Morte, maestra di vita
In questi giorni una lunga citazione da un romanzo di Alessandro D'Avenia sta conoscendo un'ondata di fortuna social. Si tratta di una riflessione e di un monito, se chi legge se ne fa carico, rispetto a ciò che nei giorni che ci sono dati da vivere conviene perseguire e, soprattutto, a ciò che conviene tralasciare finché si è in tempo.
Il fatto di potersi spogliare, alleggerendo il carico che credo in tanti sentiamo di portare sempre un po' al limite delle nostre forze o gravato di inutili cianfrusaglie, dà sollievo. E allora perché non lo facciamo?
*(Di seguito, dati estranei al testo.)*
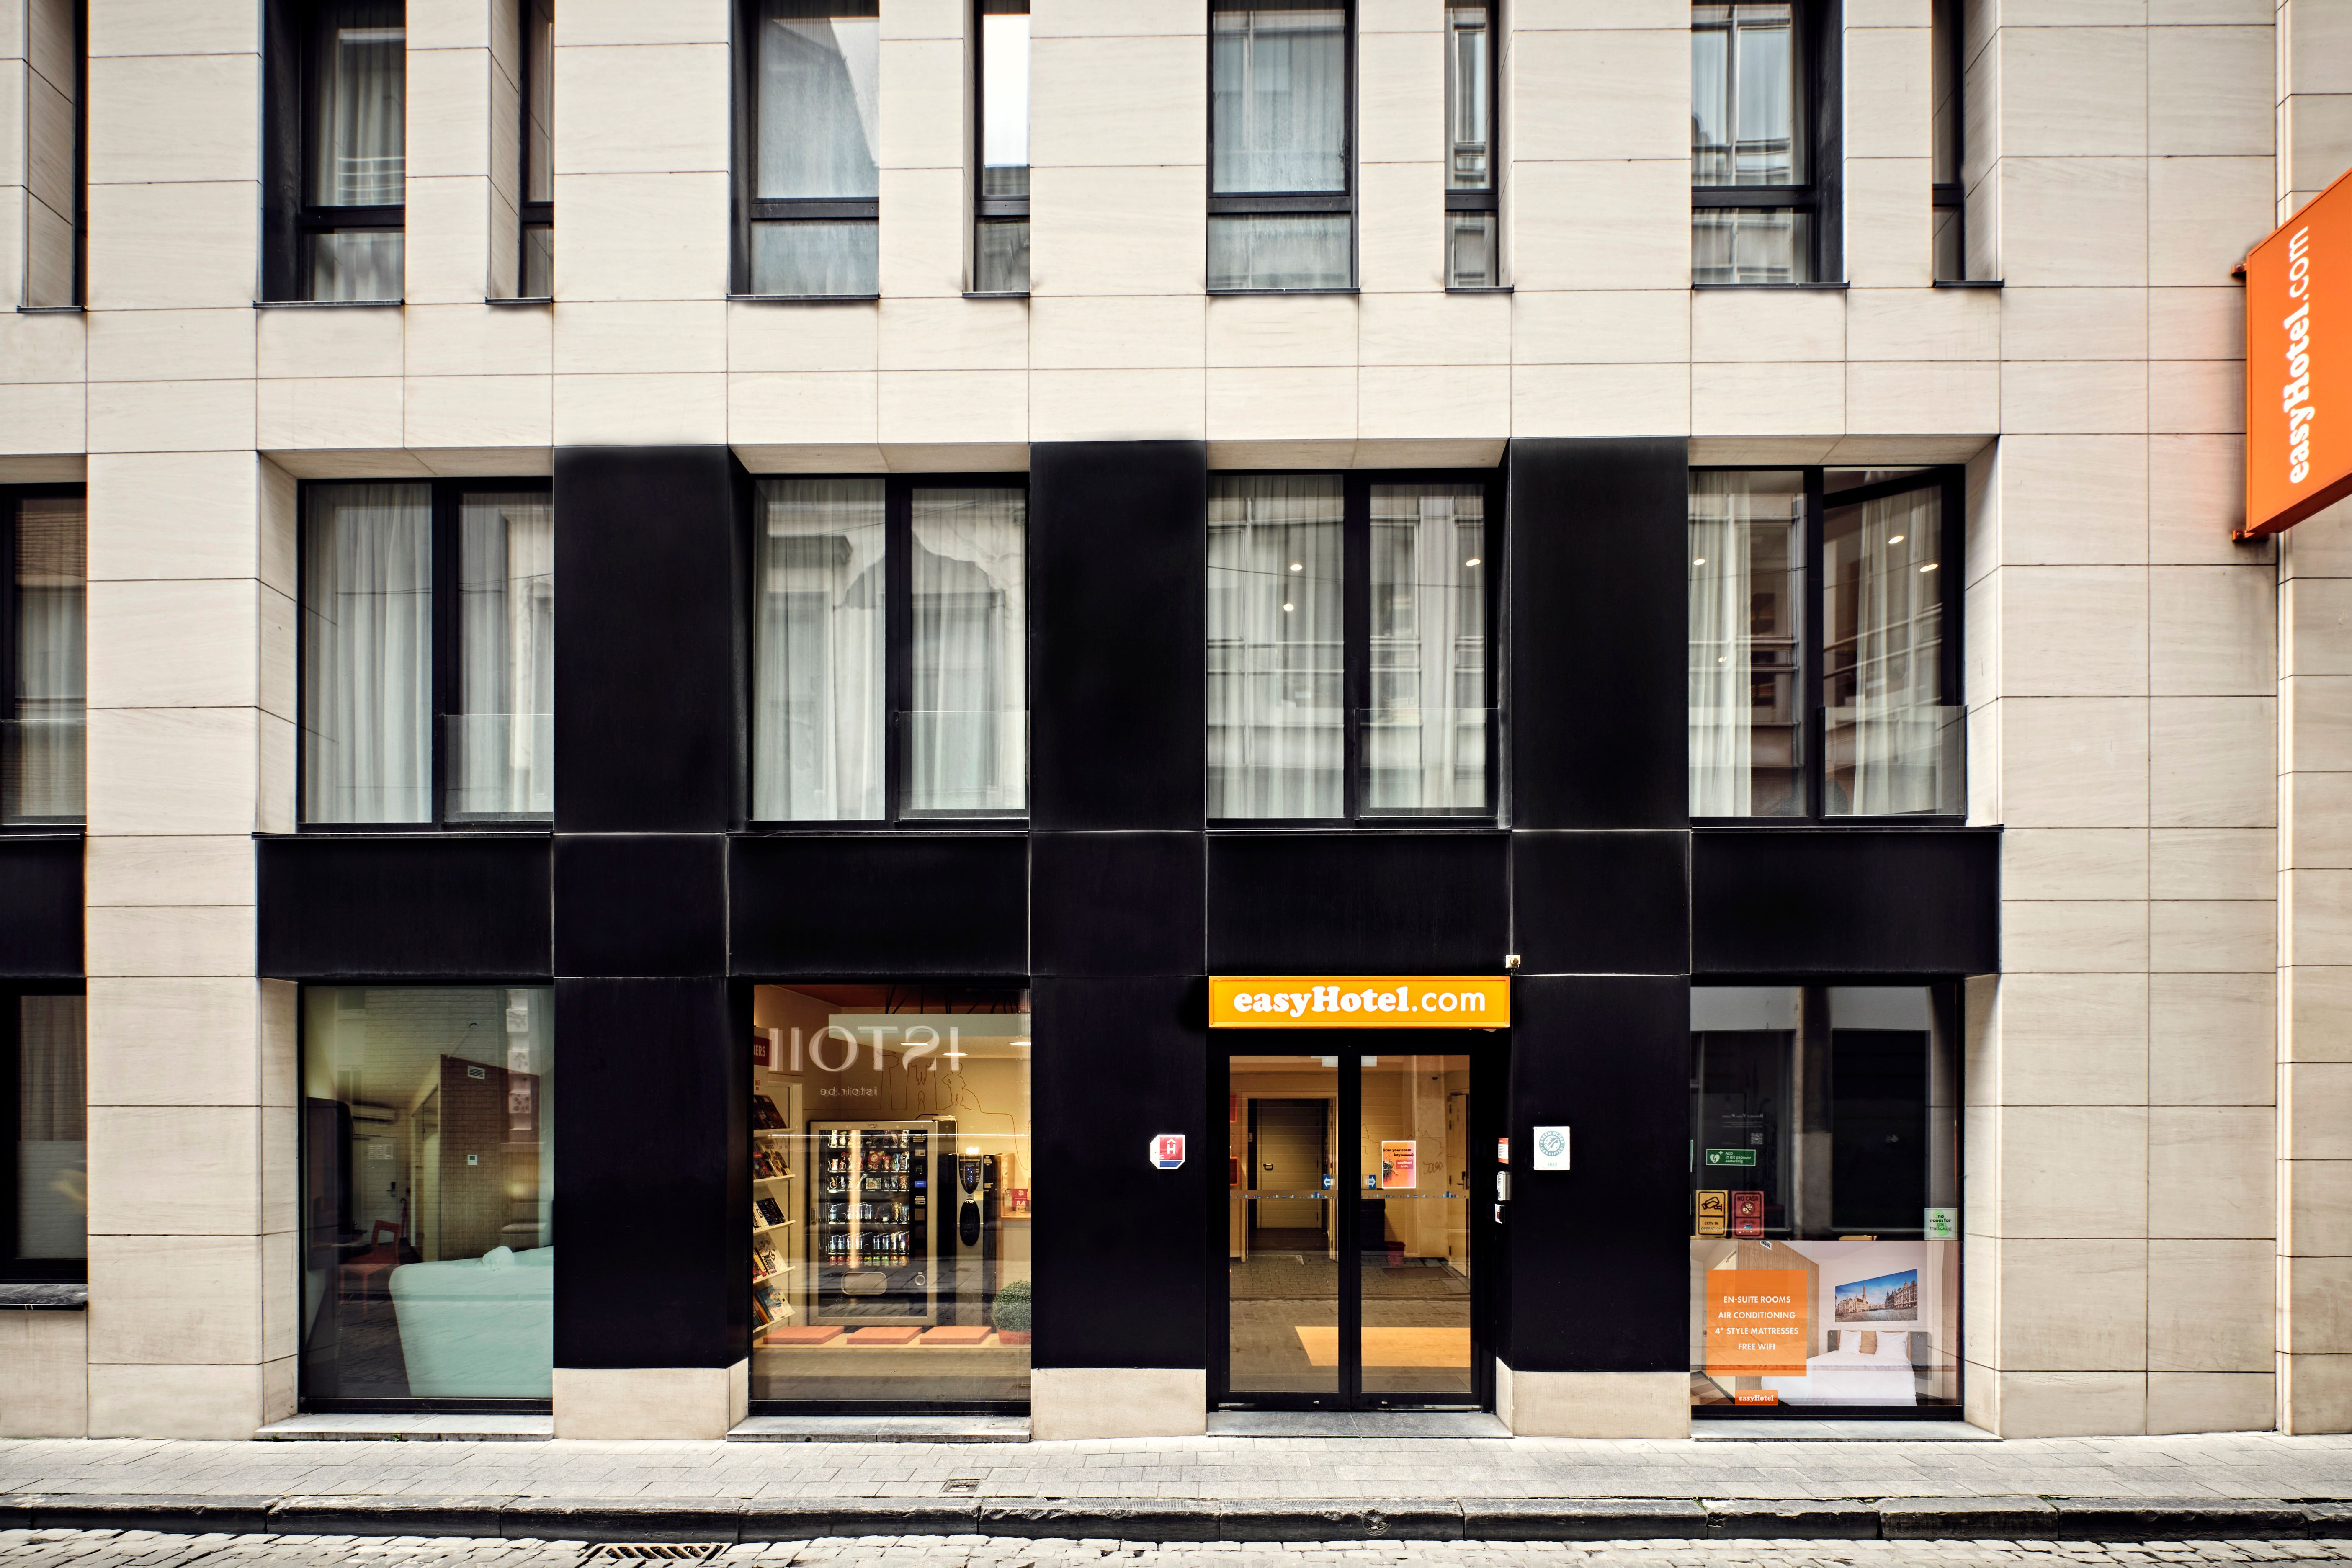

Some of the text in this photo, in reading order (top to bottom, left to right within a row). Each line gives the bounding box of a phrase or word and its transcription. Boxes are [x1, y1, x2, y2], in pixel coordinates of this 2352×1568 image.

Cosa ci avvince e nostro malgrado ci vince?
Mondare per poter raccogliere
L'elenco di ciò che potremmo trovarci a rimpiangere a ridosso della morte, e che qualcuno ha ripreso e messo in primo piano, è estratto dal libro del 2014, edizioni Mondadori, Ciò che inferno non è.
Ed è proprio un lavoro di mondatura, di pulizia e scarto, quello che emerge dalla lista nero su bianco: è un lavoro che va fatto per proteggere ciò che deve arrivare a maturazione per il momento del raccolto, quello che i cinque rimpianti ci conducono a fare.
Siamo al capitolo 32, il narratore ci ha precipitato in piazza Anita Garibaldi dove l'aria è ferma e la vita di Don Pino Puglisi se ne sta andando con il sangue che gli gocciola fuori, sempre più lento, spinto da una forza che va scemando. Ma lui rimpianti non ne ha.
Prova solo una umana, dolce nostalgia per ciò che sta per lasciare, ma per ritrovarlo altrove: le facce, le voci, i suoni che sa. Uno strappo che presto sarà rimarginato in lui che vede e ciò che lascia e ciò che sta per incontrare. Ed è Quello che, mentre compirà il suo cuore, arriverà in piccole gocce di consolazione anche nel cuore degli amici che a breve lo piangeranno, dei bambini che non lo vedranno tornare in oratorio e che per questo soffriranno, ma senza disperare.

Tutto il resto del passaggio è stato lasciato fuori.